**Exercise**
Would you please repeat all of the data exactly, omitting the pictures?

**Data for review**
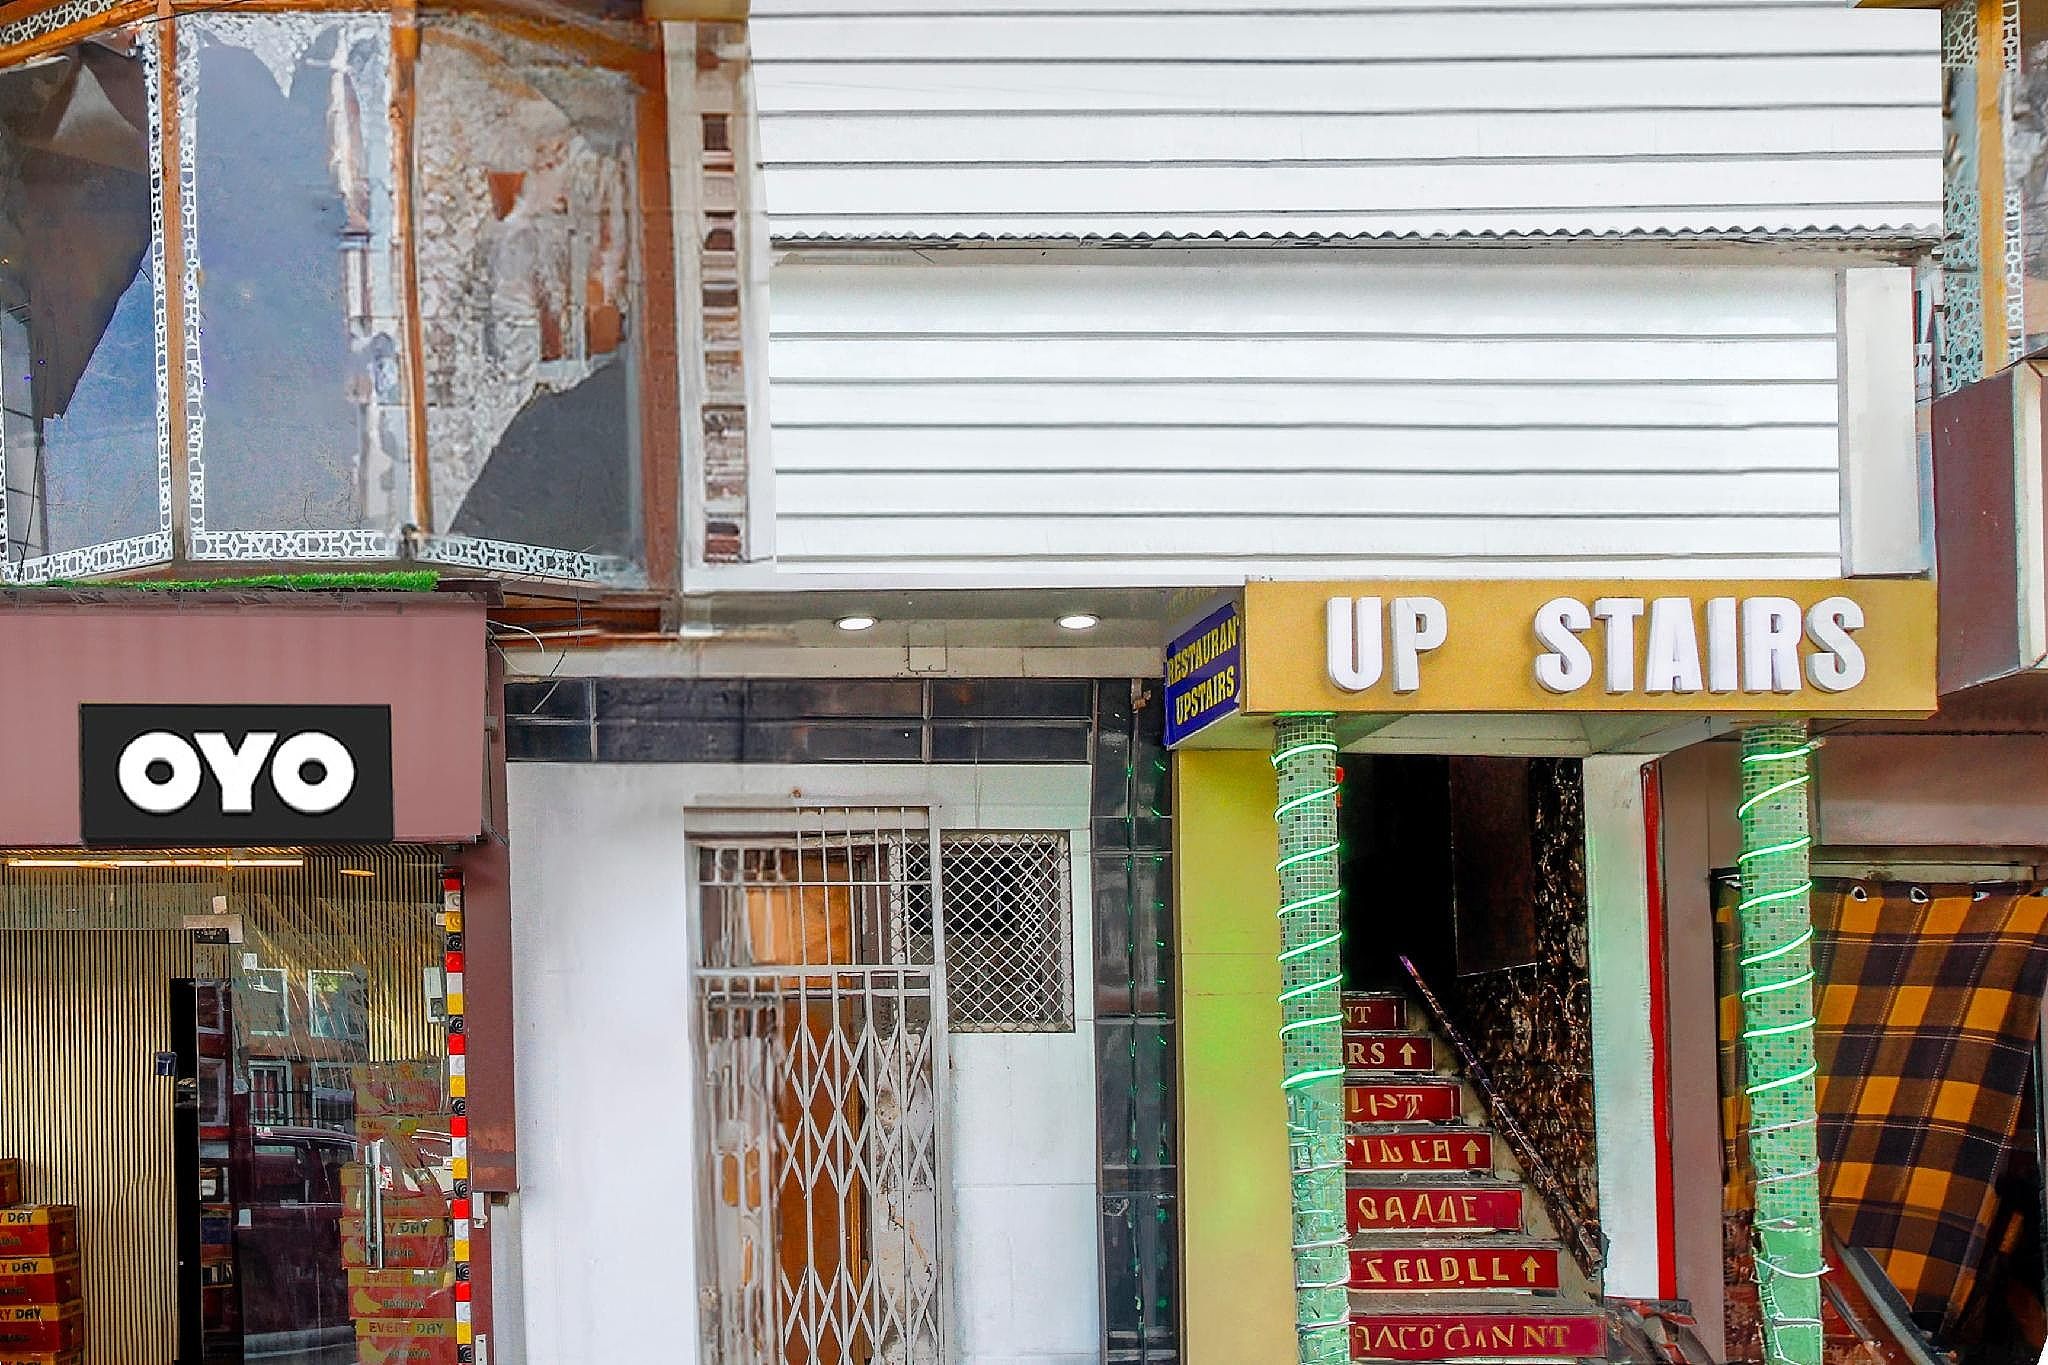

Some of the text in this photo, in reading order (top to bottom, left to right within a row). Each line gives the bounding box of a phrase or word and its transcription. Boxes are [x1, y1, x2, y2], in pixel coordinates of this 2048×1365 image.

[1167, 616, 1239, 687] RESTAURAN
[1327, 596, 1865, 694] UP STAIRS
[1175, 665, 1235, 726] UPSTAIRS
[117, 731, 356, 814] OYO
[8, 1212, 33, 1223] DAY
[12, 1261, 38, 1273] DAY
[16, 1308, 41, 1320] DAY

**Result of this task**
Some of the text in this photo, in reading order (top to bottom, left to right within a row). Each line gives the bounding box of a phrase or word and its transcription. Boxes are [x1, y1, x2, y2], in pixel coordinates of this 2048×1365 image.

[1167, 616, 1239, 687] RESTAURAN
[1327, 596, 1865, 694] UP STAIRS
[1175, 665, 1235, 726] UPSTAIRS
[117, 731, 356, 814] OYO
[8, 1212, 33, 1223] DAY
[12, 1261, 38, 1273] DAY
[16, 1308, 41, 1320] DAY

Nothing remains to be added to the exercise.